Herein, we identified a new prognostic model for LUAD patients based on the 7-ERSRGs signature and explored the potential therapeutic small molecule compounds. The endoplasmic reticulum stress-related model comprises seven ERSRGs, including PDX1, IGFBP1, DDIT4, PPP1R3G, CFTR, DERL3 and NUPR1. Researchers have found that model genes are closely associated with both carcinogenesis and anti-tumor therapy10. Pancreatic and duodenal homeobox 1 (PDX1) shifts from a tumor-suppressive to an oncogenic function after tumor transformation20. Interestingly, subsets of malignant cells lose PDX1 expression during the epithelial-to-mesenchymal transition (EMT), and PDX1 loss is associated with poor prognoses20. In our study, PDX1 tends to play a carcinogenic role, which may be due to the transformation of lung adenocarcinoma. A study found that insulin-like growth factor binding protein 1 (IGFBP1) accelerated hematogenous metastasis and led to poor survival in gastric cancer21. In vitro studies have suggested that DNA damage-inducible transcript 4 (DDIT4) could be a tumor suppressor or an oncogene in cancer, depending on the context22,23. The presence of protein phosphatase 1 regulatory subunit 3G (PPP1R3G) correlates with poor prognosis and immune infiltration in LUAD24. In murine and human intestinal cancers, the Cystic Fibrosis Transmembrane conductance Regulator (CFTR) acts as a tumor suppressor gene25. In gastric cancer, Derlin 3 (DERL3) acts as a tumor suppressor26. Nuclear protein‑1 (NUPR1) plays a role in promoting the proliferation of cancer cells by influencing cell cycle progression27. Generally speaking, since these 7 ERSRGs are critical to the development of tumors and are also involved in the development of treatment resistance, they have great potential as therapeutic targets or biomarkers in LUAD clinics.

According to the correlation results between seven-ERSRG expression and risk score, we found that Monocytes were the only immune cells that correlated with the expression of seven-ERSRG. Monocytes can bridge innate and adaptive immune responses and can affect the tumor microenvironment through various mechanisms that induce immune tolerance, angiogenesis, and increased dissemination of tumor cells. Yet monocytes can also give rise to antitumor effectors and activate antigen-presenting cells28. Previous studies showed that Monocytes play a key role in many pathological conditions and the outcome of diseases can be improved by controlling the numbers and functions of Monocytes29. The above results were consistent with our results, which suggested that Monocytes might provide a novel insight for treating patients with LUAD.

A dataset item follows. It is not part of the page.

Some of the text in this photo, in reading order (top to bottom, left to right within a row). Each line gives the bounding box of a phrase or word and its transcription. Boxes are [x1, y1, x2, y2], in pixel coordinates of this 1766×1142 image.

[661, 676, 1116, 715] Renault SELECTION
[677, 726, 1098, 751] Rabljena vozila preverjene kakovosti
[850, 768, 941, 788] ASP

Based on the constructed model, we screened four potential drugs for the treatment of LUAD, including Phenformin, OSU-03012, GSK-650394, and KIN001-135. Researchers have found that phenformin inhibits cell proliferation and tumor growth more strongly than metformin in vitro and in vivo in various tumor types (e.g., breast, lung, glioblastoma, colon, melanoma, and prostate cancer)30. OSU-03012 is a novel celecoxib derivative that induces apoptosis in a variety of cancer cells without inhibiting cyclooxygenase-231. A previous study found that GSK-650394 inhibited Influenza virus replication in cell models32. Moreover, we evaluated risk scores and the effectiveness of anticancer medications in our study, providing a fresh perspective on treating tumors and dealing with drug resistance33,34.

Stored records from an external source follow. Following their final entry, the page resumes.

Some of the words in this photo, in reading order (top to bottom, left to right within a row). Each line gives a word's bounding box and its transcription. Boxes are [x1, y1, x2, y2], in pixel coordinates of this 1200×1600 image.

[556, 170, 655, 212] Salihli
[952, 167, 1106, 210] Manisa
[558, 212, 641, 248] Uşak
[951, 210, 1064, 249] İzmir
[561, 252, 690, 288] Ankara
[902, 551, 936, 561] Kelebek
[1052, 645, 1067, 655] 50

In conclusion, a new prognostic model is presented for ERSRGs in LUAD based on our study. This model was an independent predictor of OS in the train and test set, providing insight into how to predict prognosis for LUAD patients. However, there are some limitations in this study. On the one hand, we just derived the research data from the TCGA and GEO public databases. On the other hand, the function of the 7 ERSRGs has not been verified with biological experiments. A larger number of prospective real-world studies is needed to confirm its clinical efficacy. It is of great interest to target the 7-ERSRGs or small molecule compounds that are outlined above as possible components of combination therapies.

Conclusion

A novel ERSRG signature for LUAD prognostic prediction was identified in the present study. Targeting ERSRGs might be a possible therapeutic approach for LUAD based on the small molecule compounds discovered in our study.